Sunday is the day we remember our doting, caring dads — but this Father’s Day, Tess Callahan wonders whether it’s possible for a dad to overextend his love. She looks at three books where a father’s protection means keeping some dangerous secrets.
Is it possible to love your child too much? This Father's Day, I'd like to introduce you to three fathers whose passion to protect their sons invites calamity. These are fathers with secrets. Big secrets.
Each of us, it seems, has a key relationship that sits at our core. It may not be someone we see everyday or think of often. Yet the person remains there, loved or hated, as our center of gravity. For my brother, it's his son. For my husband, it's his father. Whether boys and men are close to their dads or not, the power of the father/son relationship is titanic.
The Curious Incident of the Dog in the Night-Time
The Curious Incident of the Dog in the Night-Time, by Mark Haddon, paperback, 226 pages, Vintage, list price: $14
Our first flawed but goodhearted father is Ed Boone from Mark Haddon's novel The Curious Incident of the Dog in the Night-Time. The story is narrated by Ed's son, Christopher, an autistic 15-year-old boy bent on solving the murder of his neighbor's dog. Ed is fiercely committed to protecting the boy from the truth, both about the dog and about his absent mother.
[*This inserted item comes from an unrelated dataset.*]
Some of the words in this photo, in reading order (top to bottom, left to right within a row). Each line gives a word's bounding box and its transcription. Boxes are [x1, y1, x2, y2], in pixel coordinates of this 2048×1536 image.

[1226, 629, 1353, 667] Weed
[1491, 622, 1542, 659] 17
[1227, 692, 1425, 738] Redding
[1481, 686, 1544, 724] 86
Needless to say, Ed's secrets are impossible to keep. The freshness of the narration here, seen through the boy's eyes, is so compelling that you'll feel for this dad even when the boy is terrified of him.
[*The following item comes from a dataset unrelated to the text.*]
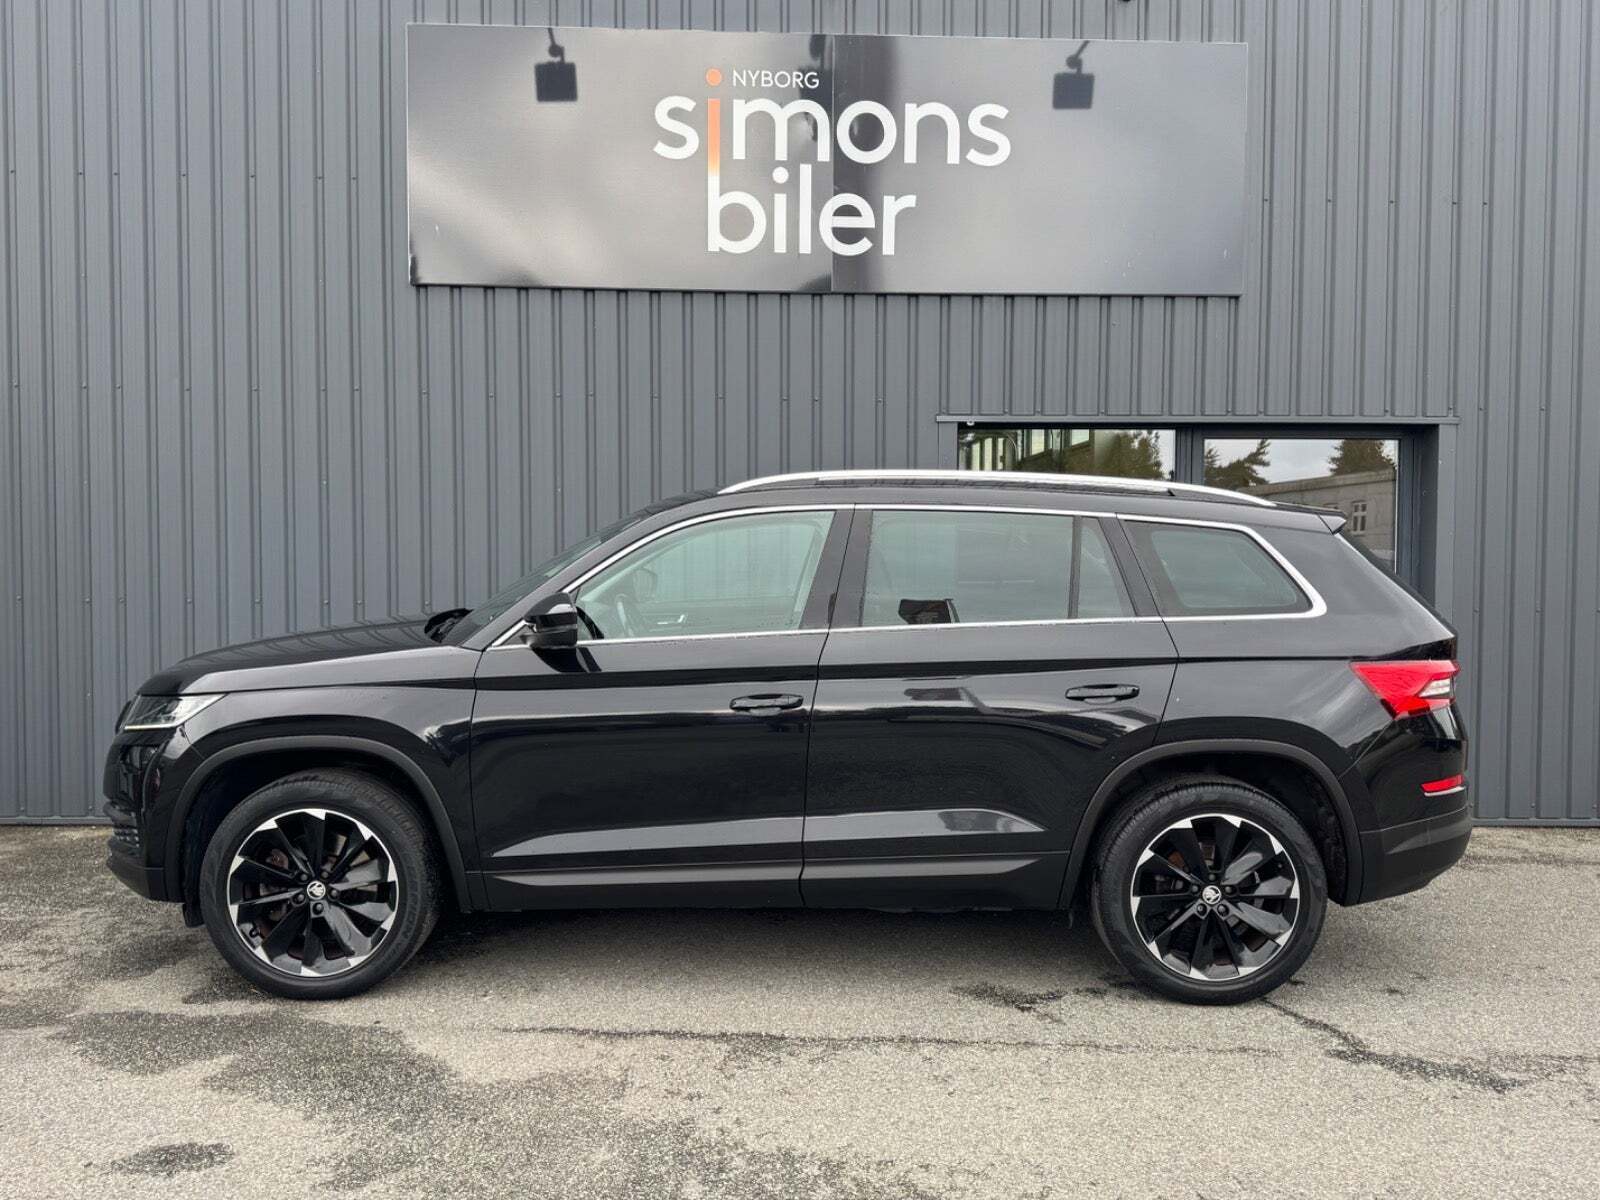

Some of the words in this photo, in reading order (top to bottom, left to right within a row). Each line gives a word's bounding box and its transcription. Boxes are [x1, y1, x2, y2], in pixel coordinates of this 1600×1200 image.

[653, 68, 1012, 167] simons
[732, 69, 820, 89] NYBORG
[707, 163, 917, 257] biler
The Road, by Cormac McCarthy, paperback, 304 pages, Vintage, list price: $7.99
The nameless father in Cormac McCarthy's novel, The Road, takes even more shocking measures to protect his boy. He has no choice. The two are traveling a barren landscape decimated by an apocalyptic event that has left the planet essentially lifeless. In a world where even a dandelion or cockroach would be welcome, the only other life forms are a few fellow human beings, mostly cannibals. The father spits up blood every morning, but tells the boy he is fine. He also feigns belief that there are "good guys" out there like them. The boy's faith in this is unshakable. The father's? Well, let's just say he doesn't end where he started. Don't let the ghastly plotline dissuade you. The lyricism of McCarthy's prose suffuses even this grim landscape with astonishing beauty. This is a father you will never forget.
Out Stealing Horses
Out Stealing Horses, by Per Petterson, paperback, 304 pages, Picador, list price: $14
Instead of sacrificing his life for his son, the father in Per Petterson's novel, Out Stealing Horses, sacrifices his son for another life. The story is told from the point of view of Trond Sanders, a 60-something man living in remote Norway. He reflects upon his 15th summer when Norway was occupied by the Nazis. His father's secret participation in the resistance, and in a neighbor's wife, led to mysterious absences. Father and son adored each other. Yet, the father ultimately vanishes, leaving only a note and a deepening chasm. Trond is left with a vast space for navigating loss. Think what you like about this father, you cannot deny his hold on his son, even after decades of separation.
Tess Callahan's writing has appeared in the New York Times Magazine, Newsday, Boston College Magazine, Stylus Anthology and Cottonwood. Her most recent novel is April & Oliver. She lives with her husband and children in northern New Jersey.